Légendes d’Alagaësia – 1. La Fourchette, la Sorcière et le Dragon
Titre original : Tales from Alagaësia, book 1: The Fork, the Witch, and the Worm
Auteur : Christopher Paolini
trad. de l’anglais (Etats-Unis) par Marie-Hélène Delval
314 p.
Bayard, 2019
Cela fait un an que l’Empire est tombé. Un an que le tyran Galbatorix a disparu.
Après la victoire, Eragon a quitté l’Alagaësia en quête du lieu parfait pour entraîner la nouvelle génération de dragons à naître et leurs futurs dragonniers. Aujourd’hui, ses nouvelles responsabilités ne lui laissent aucun répit. Construire un nouveau refuge pour protéger les oeufs des dragons, abriter les précieux EldunarÌ, répondre aux demandes des différents peuples, gérer les querelles entre les Urgals belliqueux et les Elfes hautains… Le dragonnier ne connaît pas de repos. Trois histoires vont pourtant le distraire et lui permettre d’envisager l’avenir sous un nouvel angle.
Il y a quelques semaines, je me replongeais avec délectation dans l’univers de Christopher Paolini en relisant le premier tome de la saga de l’Héritage. Sept ans que la saga avait tourné sa dernière page… mais finalement, il faut croire que ça ne manquait pas qu’au fan puisque l’auteur nous offre avec ce premier tome d’une nouvelle série, Légendes d’Alagaësia, le plaisir de retrouver son univers et ses personnages. Et on a en plus la chance d’avoir un très belle ouvrage entre les mains : un beau livre cartonné à la tranche doré, avec des illustrations de l’auteur lui-même. Et on nous propose même un résumé des précédentes aventures pour nous raffraîchir la mémoire!Restaurer la race des dragons, conduire les Dragonniers et protéger les Eldunari, telle était sa responsabilité. Il l’acceptait et la prenait avec grand sérieux. Et pourtant… Eragon n’avait jamais envisagé de passer sa vie à ça. Rester assis devant une table de travail à étudier des chiffres et des documents jusqu’à en avoir la vue brouillée. Aussi stressante qu’eût été la lutte contre l’Empire et Galbatorix – et il ne désirait pour rien au monde revivre quoi que ce fût de semblable – il l’avait trouvée excitante…

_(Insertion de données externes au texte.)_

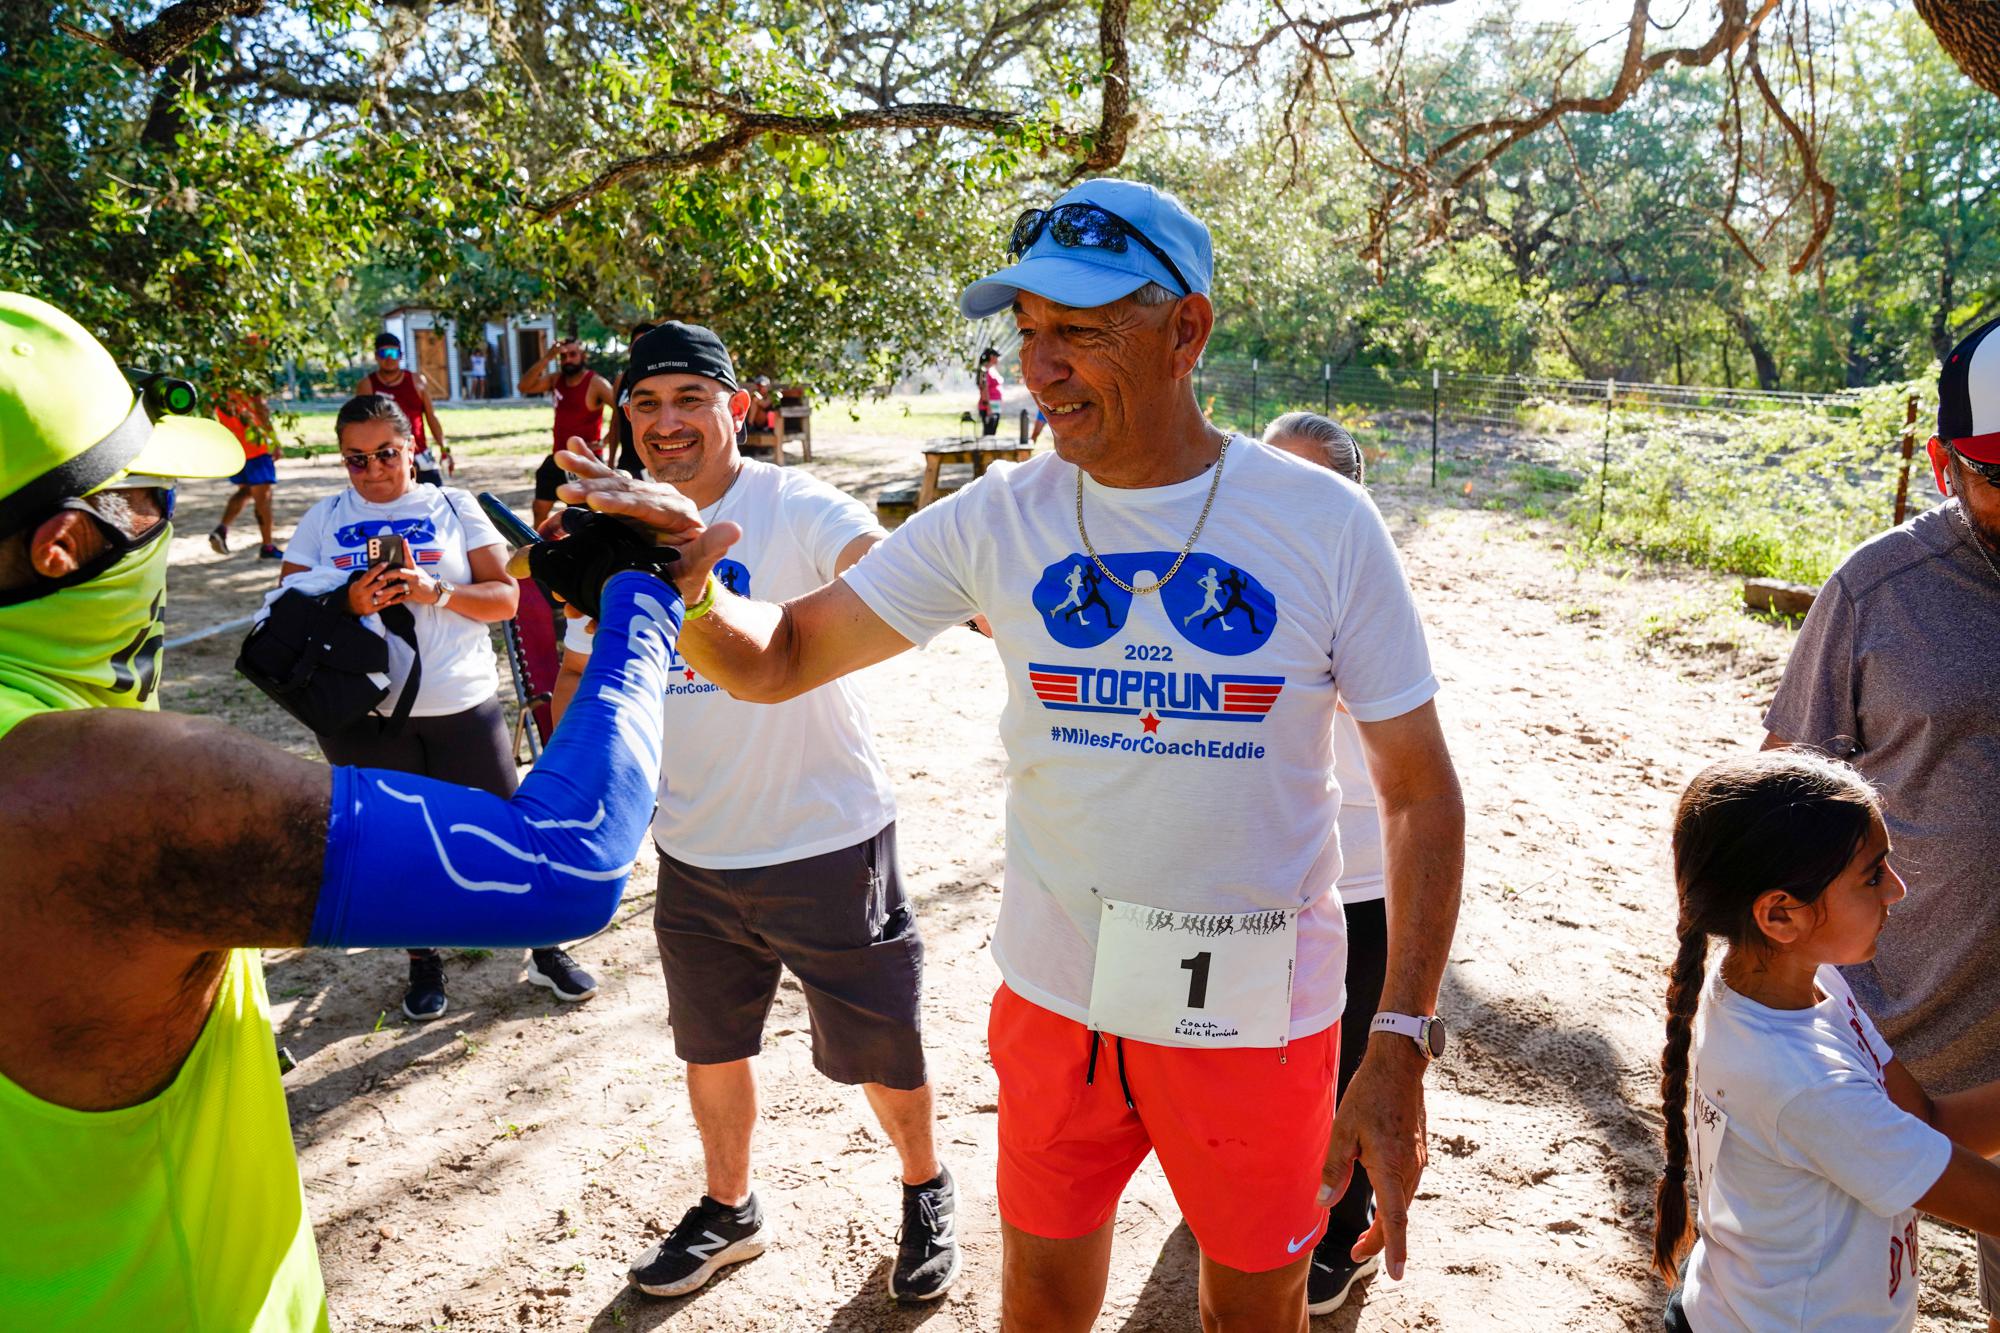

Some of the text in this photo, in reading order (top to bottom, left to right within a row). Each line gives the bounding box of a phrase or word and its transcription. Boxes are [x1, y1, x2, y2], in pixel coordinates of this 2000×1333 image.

– C’est une cicatrice… impressionnante, commenta-t-il.
Elle lui jeta un regard embarrassé :
– Comment ça ? Elle est moche et je la déteste.
Quand Tornac reprit la parole, un léger sourire relevait le coin de ses lèvres :
– Une cicatrice signifie que tu as survécu. Que tu es forte et difficile à tuer. Que tu as choisi la vie. Une cicatrice mérite l’admiration.
Le retour de Christopher Paolini était attendu! Sept ans et il nous offre une jolie parenthèse, un prolongement de l’univers d’Eragon. Les nostalgiques trouveront leur plaisirs, et ceux qui ne connaissent pas encore Eragon auront la chance de vouloir en savoir plus et de pouvoir découvrir ses aventures (les chanceux!).